__Directions__. Each line below that holds the word "LEGAL" counts toward the answer; reply with the total number only.
***** Working data *****
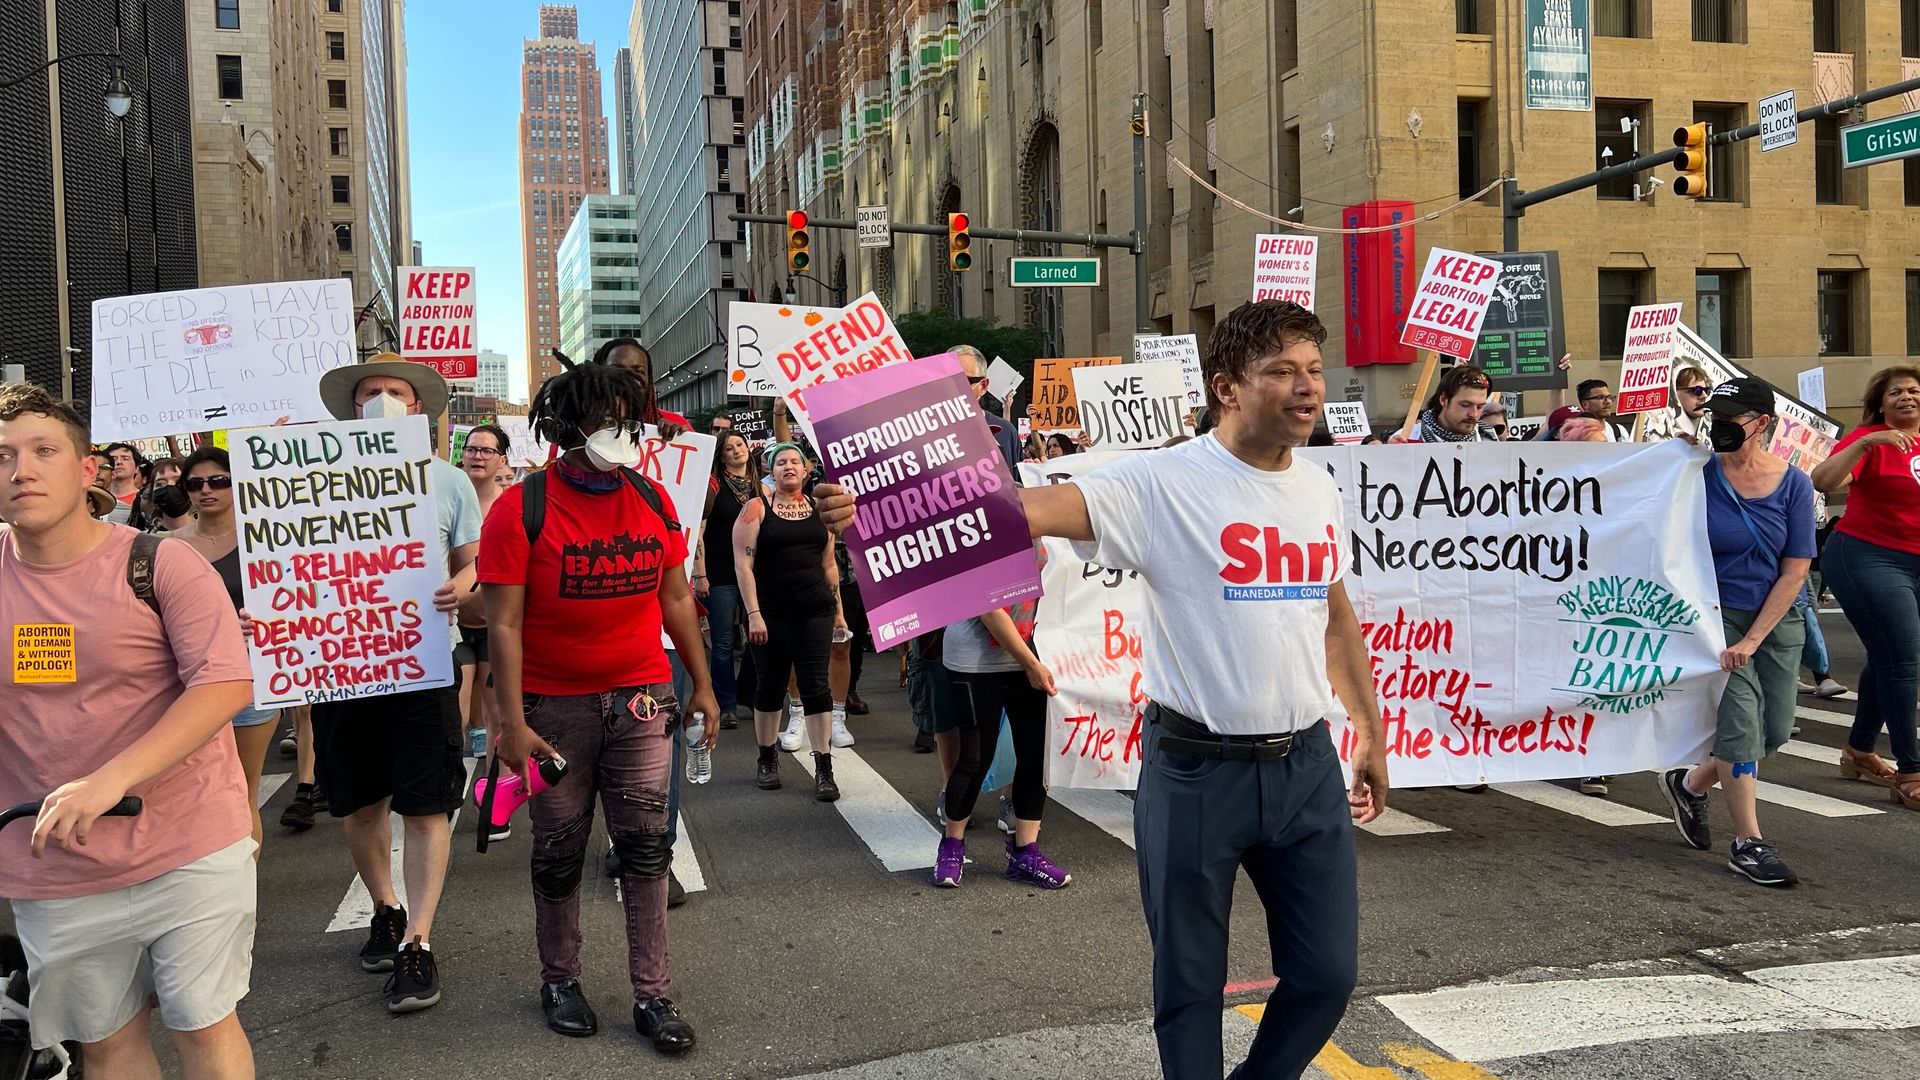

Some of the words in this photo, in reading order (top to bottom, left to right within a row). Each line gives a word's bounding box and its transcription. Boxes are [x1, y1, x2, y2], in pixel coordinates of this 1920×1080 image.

[1533, 26, 1583, 45] AVAILABLE
[1761, 104, 1773, 118] DO
[1776, 97, 1794, 112] NOT
[1762, 115, 1795, 135] BLOCK
[1763, 130, 1795, 146] INTERSECTION
[1866, 127, 1920, 152] Grisw
[859, 212, 869, 221] DO
[872, 211, 886, 221] NOT
[860, 224, 887, 235] BLOCK
[1259, 239, 1314, 255] DEFEND
[1034, 266, 1077, 279] Larned
[1258, 260, 1300, 271] WOMEN'S
[1303, 261, 1309, 271] &
[1432, 255, 1495, 286] KEEP
[1506, 264, 1521, 272] OFF
[407, 272, 470, 299] KEEP
[1257, 275, 1310, 284] REPRODUCTIVE
[1257, 289, 1310, 306] RIGHTS
[1422, 281, 1488, 306] ABORTION
[97, 295, 197, 332] FORCED
[207, 291, 228, 316] 2
[251, 284, 339, 313] HAVE
[402, 305, 473, 319] ABORTION
[1413, 298, 1479, 333] LEGAL
[1630, 308, 1678, 329] DEFEND
[97, 329, 168, 366] THE
[253, 313, 320, 342] KIDS
[331, 313, 350, 336] U
[403, 325, 472, 350] LEGAL
[776, 301, 885, 382] DEFEND
[1628, 334, 1664, 347] WOMEN'S
[1666, 332, 1672, 343] &
[1625, 350, 1670, 363] REPRODUCTIVE
[93, 364, 152, 407] LET
[168, 352, 225, 395] DIE
[240, 367, 255, 382] in
[1103, 376, 1144, 396] WE
[1623, 365, 1669, 388] RIGHTS
[1038, 384, 1069, 405] AID
[120, 414, 149, 429] PRO
[159, 408, 203, 423] BIRTH
[231, 402, 258, 416] PRO
[263, 399, 295, 411] LIFE
[735, 410, 762, 421] DON'T
[1080, 395, 1183, 447] DISSENT
[1329, 406, 1359, 415] ABORT
[1337, 416, 1355, 425] THE
[1785, 404, 1827, 432] HYENAS
[827, 394, 976, 469] REPRODUCTIVE
[1333, 425, 1363, 434] COURT
[1783, 418, 1811, 445] YOU
[246, 431, 342, 470] BUILD
[349, 431, 398, 456] THE
[838, 450, 920, 498] RIGHTS
[923, 433, 965, 469] ARE
[238, 458, 432, 515] INDEPENDENT
[854, 449, 1002, 541] WORKERS'
[1358, 461, 1404, 523] to
[1413, 456, 1602, 519] Abortion
[244, 502, 416, 553] MOVEMENT
[864, 507, 992, 583] RIGHTS!
[1219, 522, 1339, 584] Shri
[1350, 525, 1589, 582] Necessary!
[248, 559, 283, 589] NO
[290, 542, 426, 582] RELIANCE
[565, 549, 662, 576] BAMN
[271, 581, 318, 611] ON
[329, 579, 389, 607] THE
[1227, 588, 1284, 599] THANEDAR
[1286, 589, 1297, 598] for
[1556, 585, 1584, 615] BY
[1588, 575, 1632, 602] ANY
[1630, 578, 1700, 626] MEANS
[250, 600, 422, 648] DEMOCRATS
[893, 612, 918, 626] MICHIGAN
[1580, 597, 1679, 628] NECESSARY
[18, 627, 71, 637] ABORTION
[896, 621, 920, 637] AFL-CIO
[18, 639, 30, 647] ON
[34, 639, 71, 647] DEMAND
[18, 650, 25, 658] &
[29, 650, 71, 658] WITHOUT
[261, 645, 304, 669] TO
[319, 630, 422, 662] DEFEND
[1572, 626, 1669, 662] JOIN
[17, 660, 72, 670] APOLOGY!
[269, 664, 333, 695] OUR
[332, 656, 425, 688] RIGHTS
[1568, 658, 1683, 692] BAMN
[305, 682, 396, 705] BAMN.COM
[1060, 711, 1116, 762] The
[1440, 706, 1595, 757] Streets!
*****
__Exercise response__. 2